EXERCISE AIM:
Each entry must appear in the answer exactly as written.

[Data extracted from a collection]

*-*-*

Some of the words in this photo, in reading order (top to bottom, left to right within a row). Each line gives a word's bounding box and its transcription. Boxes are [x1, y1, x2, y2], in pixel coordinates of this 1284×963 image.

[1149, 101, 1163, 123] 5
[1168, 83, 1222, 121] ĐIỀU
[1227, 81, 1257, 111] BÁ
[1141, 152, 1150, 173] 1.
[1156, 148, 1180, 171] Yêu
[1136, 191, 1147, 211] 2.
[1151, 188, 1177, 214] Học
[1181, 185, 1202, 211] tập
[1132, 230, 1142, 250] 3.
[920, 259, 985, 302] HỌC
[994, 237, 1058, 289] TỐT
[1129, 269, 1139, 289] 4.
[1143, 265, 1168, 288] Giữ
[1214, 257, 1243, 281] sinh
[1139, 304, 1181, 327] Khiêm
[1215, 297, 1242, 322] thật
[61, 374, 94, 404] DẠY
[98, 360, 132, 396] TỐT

*-*-*

FINISHED EXERCISE:
Some of the words in this photo, in reading order (top to bottom, left to right within a row). Each line gives a word's bounding box and its transcription. Boxes are [x1, y1, x2, y2], in pixel coordinates of this 1284×963 image.

[1149, 101, 1163, 123] 5
[1168, 83, 1222, 121] ĐIỀU
[1227, 81, 1257, 111] BÁ
[1141, 152, 1150, 173] 1.
[1156, 148, 1180, 171] Yêu
[1136, 191, 1147, 211] 2.
[1151, 188, 1177, 214] Học
[1181, 185, 1202, 211] tập
[1132, 230, 1142, 250] 3.
[920, 259, 985, 302] HỌC
[994, 237, 1058, 289] TỐT
[1129, 269, 1139, 289] 4.
[1143, 265, 1168, 288] Giữ
[1214, 257, 1243, 281] sinh
[1139, 304, 1181, 327] Khiêm
[1215, 297, 1242, 322] thật
[61, 374, 94, 404] DẠY
[98, 360, 132, 396] TỐT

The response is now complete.